In the first article, we identified the work request attributes of your team and built a list of sources of those requests.  In the previous article, we covered an example of using the work capacity metrics to support a frequent management question around the lack of project work progress for a team with additional production issue support responsibilities.

So, we have seen how the use of work capacity metrics data can be used to capture the impact of difficult to predict production issue support competing priorities.  Let’s build on that with a more complicated example surround predicting how much project work your team can reasonably accomplish in the future.

A common question to an engineering manager that will be repeated over and over is: “We need to accomplish X and Y and Z … oh, and we need to complete the first Q milestones of project L … can we do all this by the end of the week/quarter/year?”

A completely valid question, but one that is incredibly challenging to answer:  Clearly, the requestor is asking for some degree of confidence that all of this work can be accomplish or if it can’t, what can be reasonably expected and to what level of completion.  Based on the answer, the requestor may consider re-prioritizing the work, or reducing “nice to have” features/capabilities or determining a completely different, potentially non-IT solution to a given problem.  Given an answer of “I don’t know” or “I can’t tell you” or worse “yah, sure we can” without any shred of data to support that claim, the organization as a whole is already heading for a disaster of some magnitude.

Now, any IT project manager reading this is going: “hey, I do this for a living, let me take over …” I agree.  What we are embarking on here is a slimmed down form of project portfolio management.  From the engineering manager’s point of view, you have a fixed set of resources.  You have work requests you have little to no influence over that you have to support.  You also have work for which you have more influence but you probably have more work than you can reasonable staff with a simple: “Hey, Bob, go dedicate 100% of your time to Project X and come back when Project X is done for your next assignment”.

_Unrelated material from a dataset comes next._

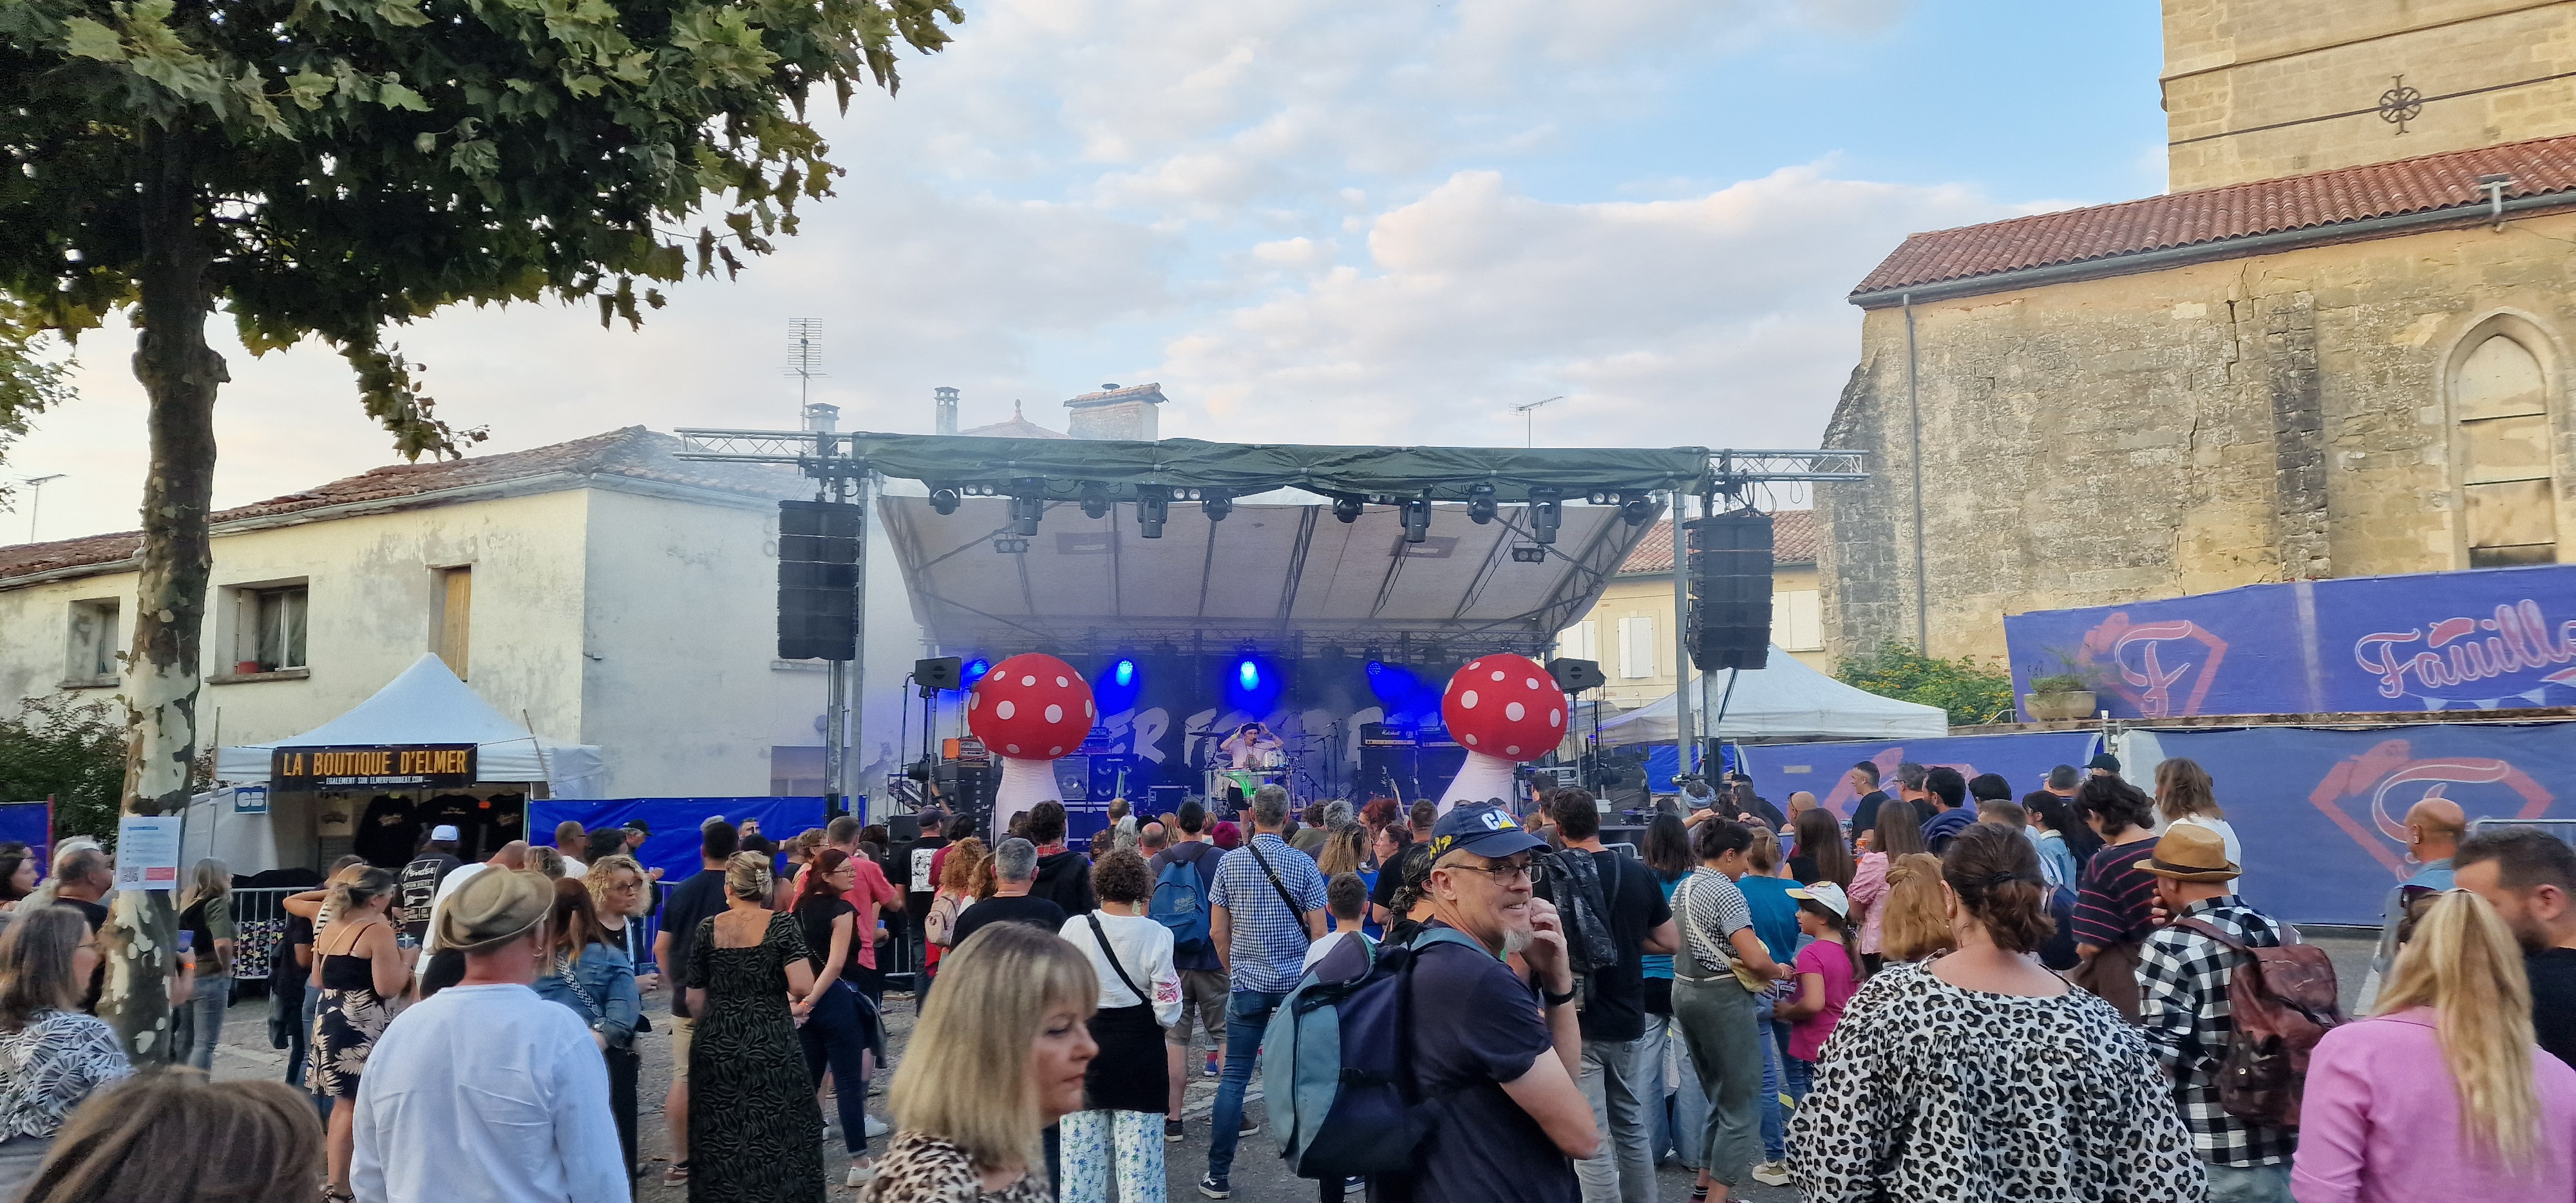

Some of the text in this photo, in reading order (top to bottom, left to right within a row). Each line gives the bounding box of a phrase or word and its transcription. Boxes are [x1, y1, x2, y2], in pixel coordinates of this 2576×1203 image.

Feel free to type in “project portfolio management” into Google and be prepared for an onslaught of material to sift through.  Try the same in Amazon or even the shelves of your local bookstore and you will find mountains of material on theories and approaches to this topic.  But of all the material available, for someone that is looking for a quick and simple way to put together a mechanism to use some loose metric data to predict the future, I highly recommend Peter Kretzman’s post on his blog “The Practical CIO: Difficulties in project prioritization & selection, part 2” [].

In essence, you need a tool to help you put some metric data you have together with some work estimation data you extract via the requestor to produce some map of the likelihood, given your fixed resources and non-influence-able work requests that you can complete some portion of the work requests by some arbitrary date in the future.  Or, stated another way, what you are trying to predict with data you can explain, the intersection between the number of resources you have, minus the percentage of time they spend on non-project work against the number of projects and associate work duration estimates.  If you take on two many projects at once, your resources will be spread so thin they will predicatively miss deadlines on all of the projects.  If you take on only a few projects but the work is lengthy and sequential in nature (waterfall application development comes to mind) for individual resources, then you will have idle resources but hours and hours of work ahead of the few engaged resources.  As I mentioned above, Peter has put together a straight forward explanation with a simple MS Excel template you can start using immediately which I highly recommend you explore.

After exploring, you should be in better shape to handle the negotiations that ensure when project work requests exceed your team’s delivery capacity.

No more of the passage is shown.